**Exercise requirements**
For the records shown below, return an exact copy that excludes the pictures.

**Dataset records**
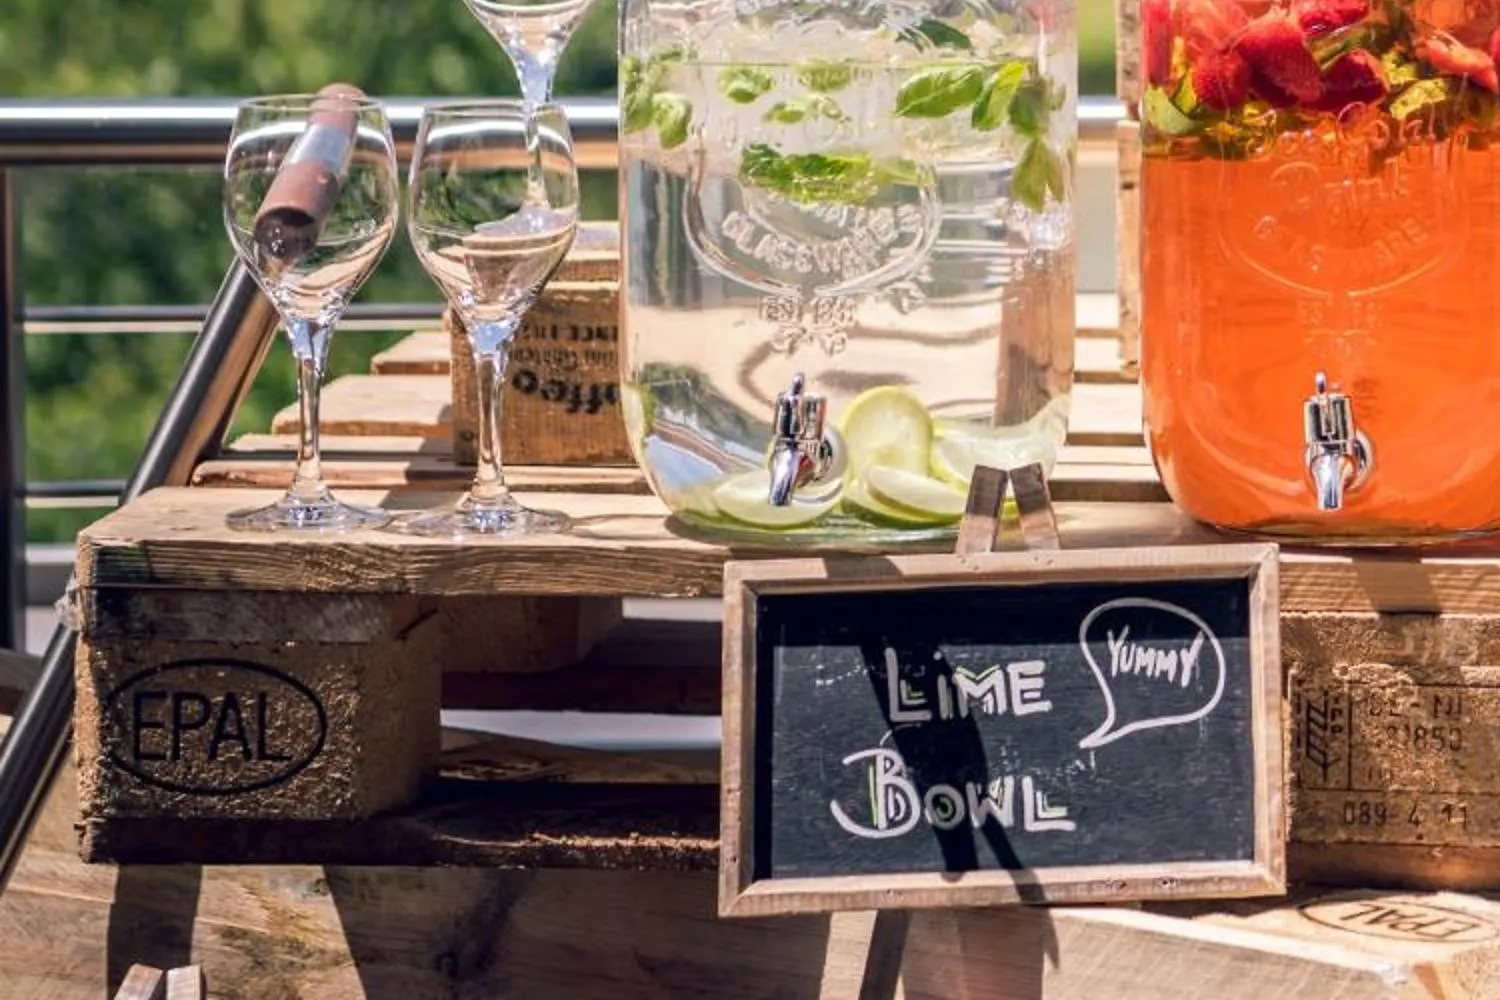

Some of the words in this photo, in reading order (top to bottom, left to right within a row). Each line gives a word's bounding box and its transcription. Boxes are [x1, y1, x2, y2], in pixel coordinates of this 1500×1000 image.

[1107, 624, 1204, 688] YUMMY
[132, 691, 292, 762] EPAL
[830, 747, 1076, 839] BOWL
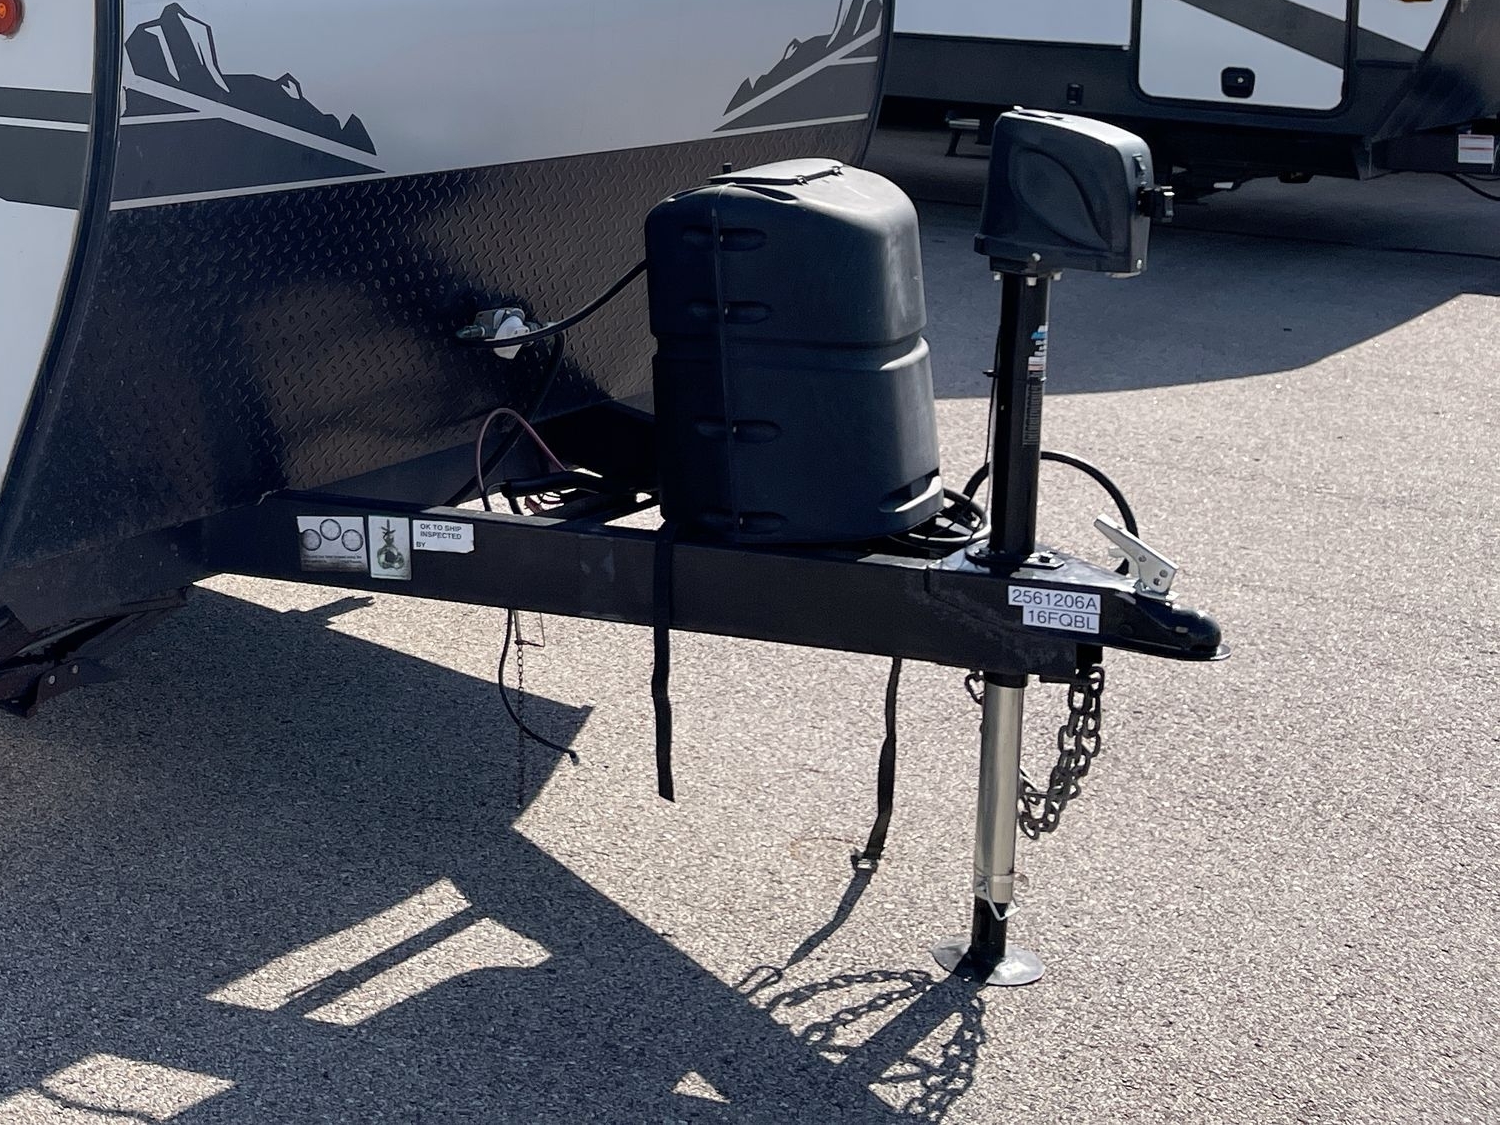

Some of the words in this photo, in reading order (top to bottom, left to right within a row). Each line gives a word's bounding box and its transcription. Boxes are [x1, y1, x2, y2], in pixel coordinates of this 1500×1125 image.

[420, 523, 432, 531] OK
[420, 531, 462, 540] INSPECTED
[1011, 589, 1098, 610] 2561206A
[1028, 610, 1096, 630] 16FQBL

**Response area**
Some of the words in this photo, in reading order (top to bottom, left to right within a row). Each line gives a word's bounding box and its transcription. Boxes are [x1, y1, x2, y2], in pixel coordinates of this 1500×1000 image.

[1107, 624, 1204, 688] YUMMY
[132, 691, 292, 762] EPAL
[830, 747, 1076, 839] BOWL

Some of the words in this photo, in reading order (top to bottom, left to right within a row). Each line gives a word's bounding box and its transcription. Boxes are [x1, y1, x2, y2], in pixel coordinates of this 1500×1125 image.

[420, 523, 432, 531] OK
[420, 531, 462, 540] INSPECTED
[1011, 589, 1098, 610] 2561206A
[1028, 610, 1096, 630] 16FQBL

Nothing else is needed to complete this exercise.